By analyzing samples from the Greenland ice sheet, University of Washington atmospheric scientists found clear evidence of the U.S. Clean Air Act. They also discovered a link between air acidity and how nitrogen is preserved in layers of snow, according to a paper published this week in the Proceedings of the National Academy of Sciences.
Forty-five years ago, acid rain was killing fish and dissolving stone monuments on the East Coast. Air pollution rose beginning with the Industrial Revolution and started to improve when the U.S. Clean Air Act of 1970 required coal power plants and other polluters to scrub sulfur out of their smokestacks.
UW researchers began their study of ice cores interested in smog, not acid rain. They discovered a link between the two forms of pollution in the geologic record.

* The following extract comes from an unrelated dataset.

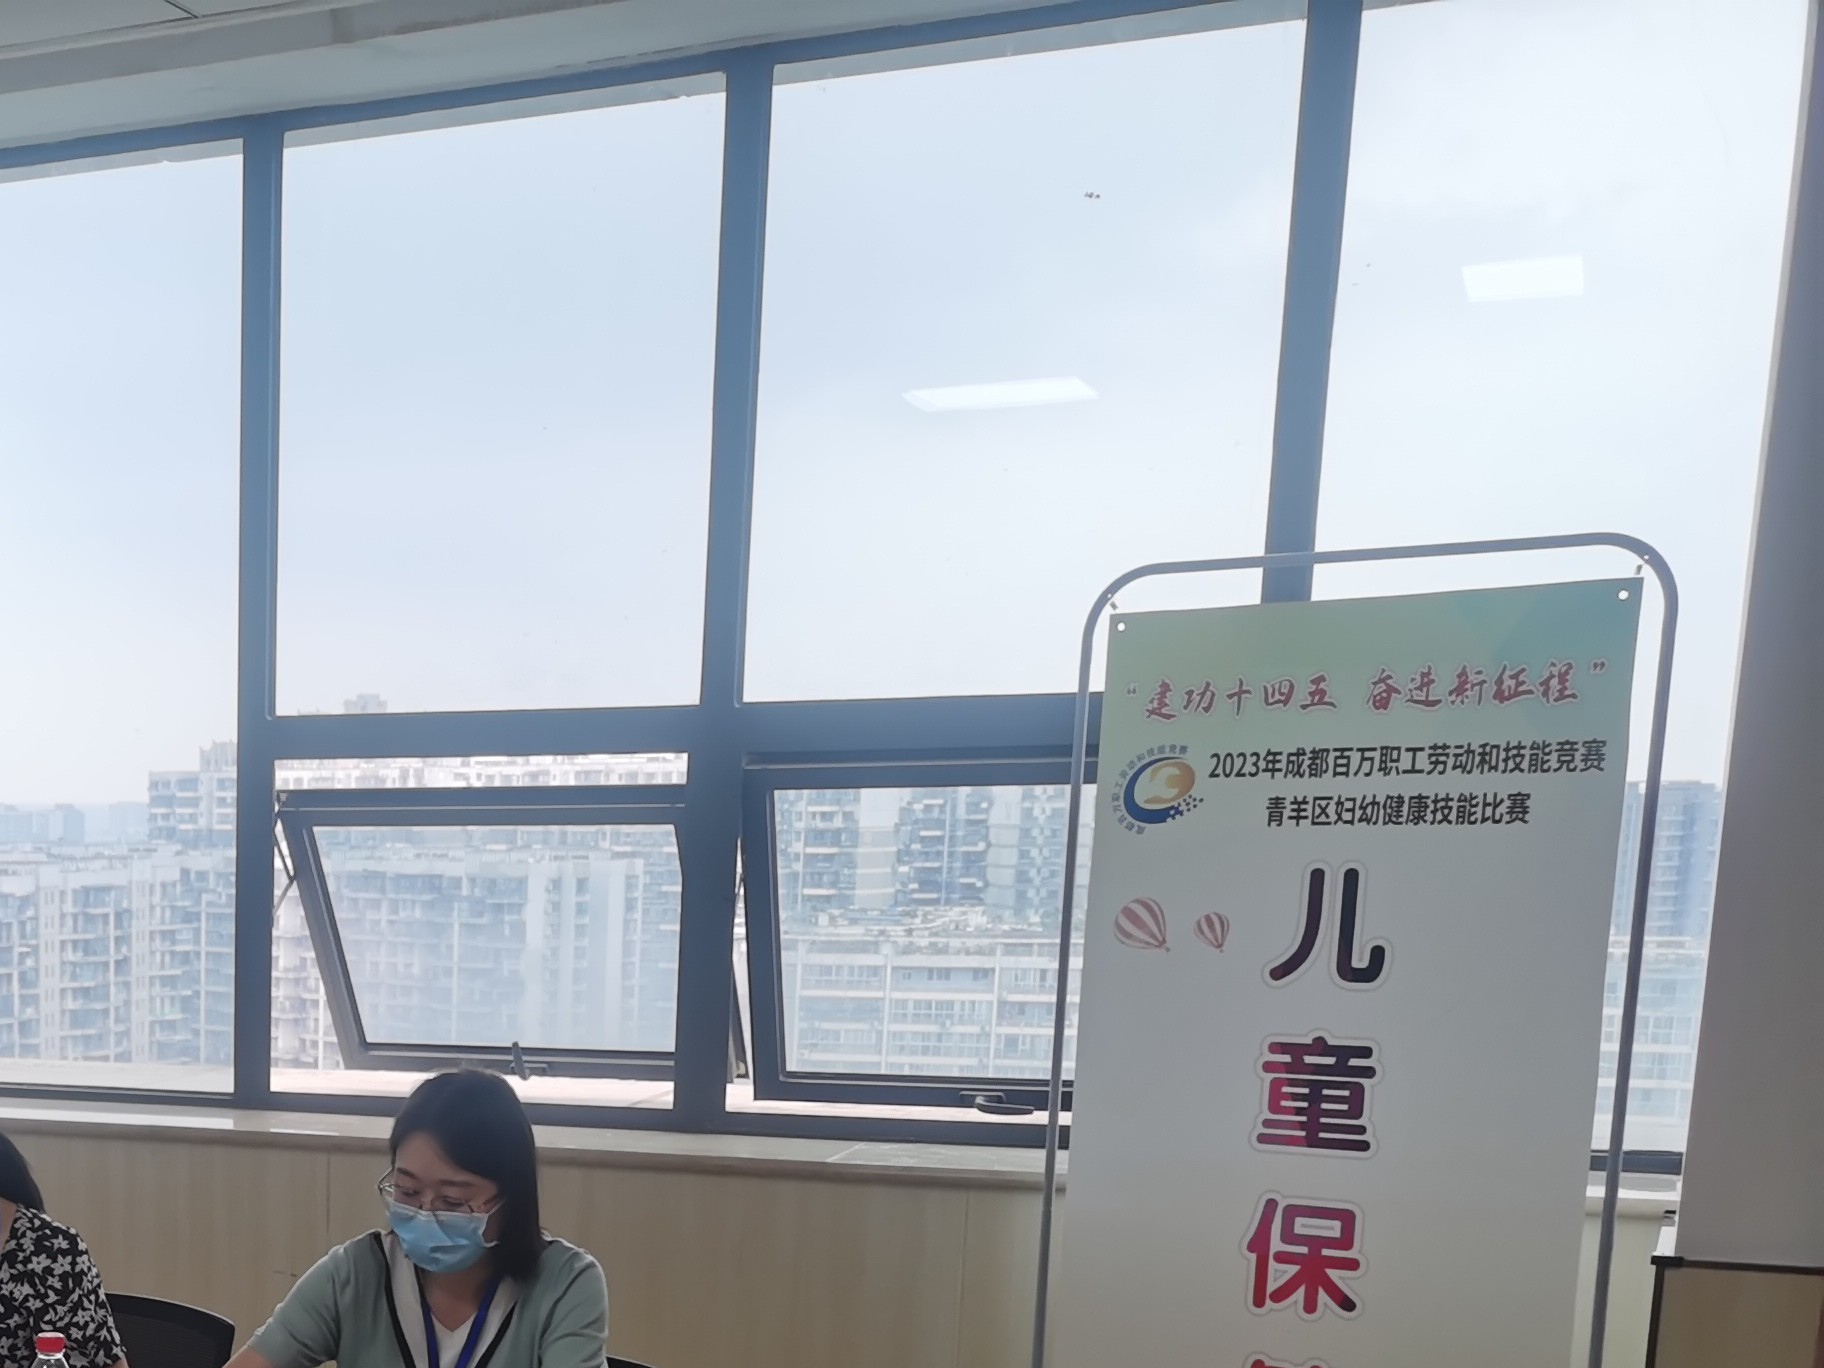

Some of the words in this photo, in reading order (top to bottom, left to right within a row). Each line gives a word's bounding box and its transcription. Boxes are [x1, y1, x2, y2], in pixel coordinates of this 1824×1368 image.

[1208, 737, 1608, 780] 2023年成都百万职工劳动和技能竞赛
[1265, 791, 1531, 828] 青羊区妇幼健康技能比赛

Nitrogen is emitted as a short-lived compound, NOx, which causes ground-level ozone, the main ingredient in smog, and relates to compounds that are the “detergent” of the atmosphere. Sources of NOx include smokestacks and vehicle tailpipes, as well as wildfires, soil microbes or reactions triggered by lightning strikes.
Teasing out the sources of NOx through history might tell us about the atmosphere of the past, how methane, ozone and other chemicals change in the atmosphere, and also provide a measure of global human emissions.

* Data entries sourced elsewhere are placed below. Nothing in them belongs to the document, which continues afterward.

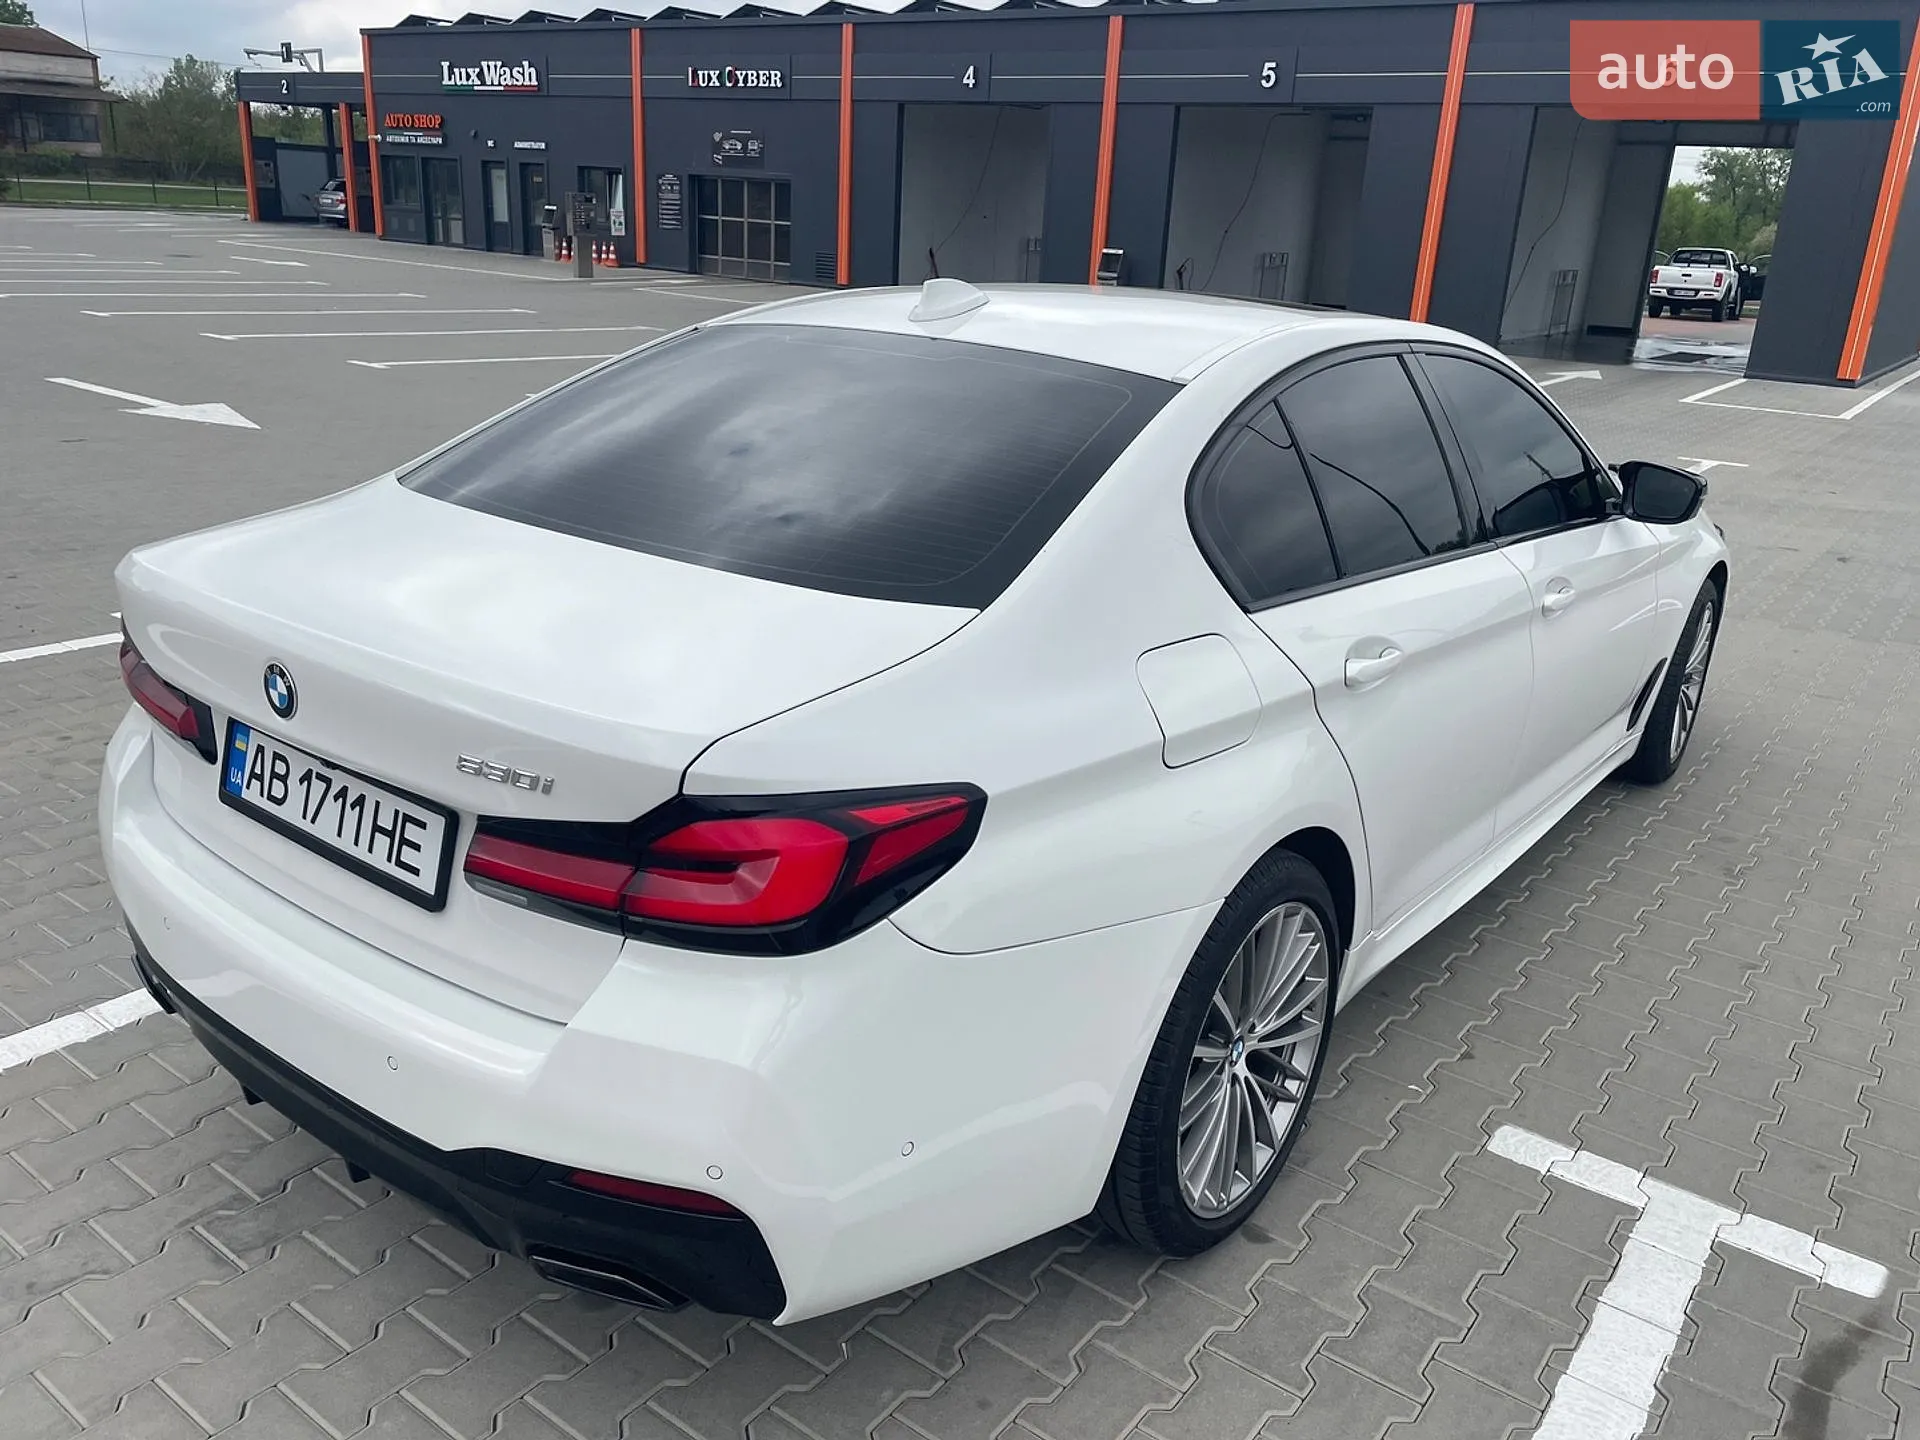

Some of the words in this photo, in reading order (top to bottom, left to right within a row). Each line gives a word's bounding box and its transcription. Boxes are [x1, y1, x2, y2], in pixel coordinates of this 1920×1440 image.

[441, 61, 481, 86] Lux
[480, 60, 538, 86] Wash
[688, 66, 721, 88] LUX
[723, 65, 783, 88] CYBER
[962, 65, 976, 88] 4
[1261, 62, 1278, 88] 5
[281, 79, 289, 94] 2
[384, 113, 412, 128] AUTO
[413, 114, 442, 129] SHOP
[230, 767, 242, 786] UA
[456, 753, 555, 796] 530i
[245, 743, 291, 807] AB
[298, 767, 366, 848] 1711
[367, 800, 428, 878] HE

“How much the nitrate concentrations in ice core records can tell about NOx and the chemistry in the past atmosphere is a longstanding question in the ice-core community,” said lead author Lei Geng, a UW postdoctoral researcher in atmospheric sciences.
Unlike other gases, short-lived NOx can’t be measured directly from air bubbles trapped in ice cores. Within a day or two most of the NOx changes into nitrate, a water-soluble molecule essential to life that gets deposited in soil and snow.
Earlier research by co-author Eric Steig, a UW professor of Earth and space sciences, suggested that comparing amounts of the two stable forms of nitrogen – nitrogen-15 and nitrogen-14 – in nitrate could pinpoint the emission sources of NOx. Ice cores from Greenland and North American lake sediments showed the nitrogen-15 ratio gradually decreasing since 1850, suggesting a corresponding rise in human emissions.
The new research says: not so fast. The detailed measurements of nitrate, NOx and sulfur show the nitrogen isotope ratio leveling off in 1970, and suggests that ratio is sensitive to the same chemicals that cause acid rain.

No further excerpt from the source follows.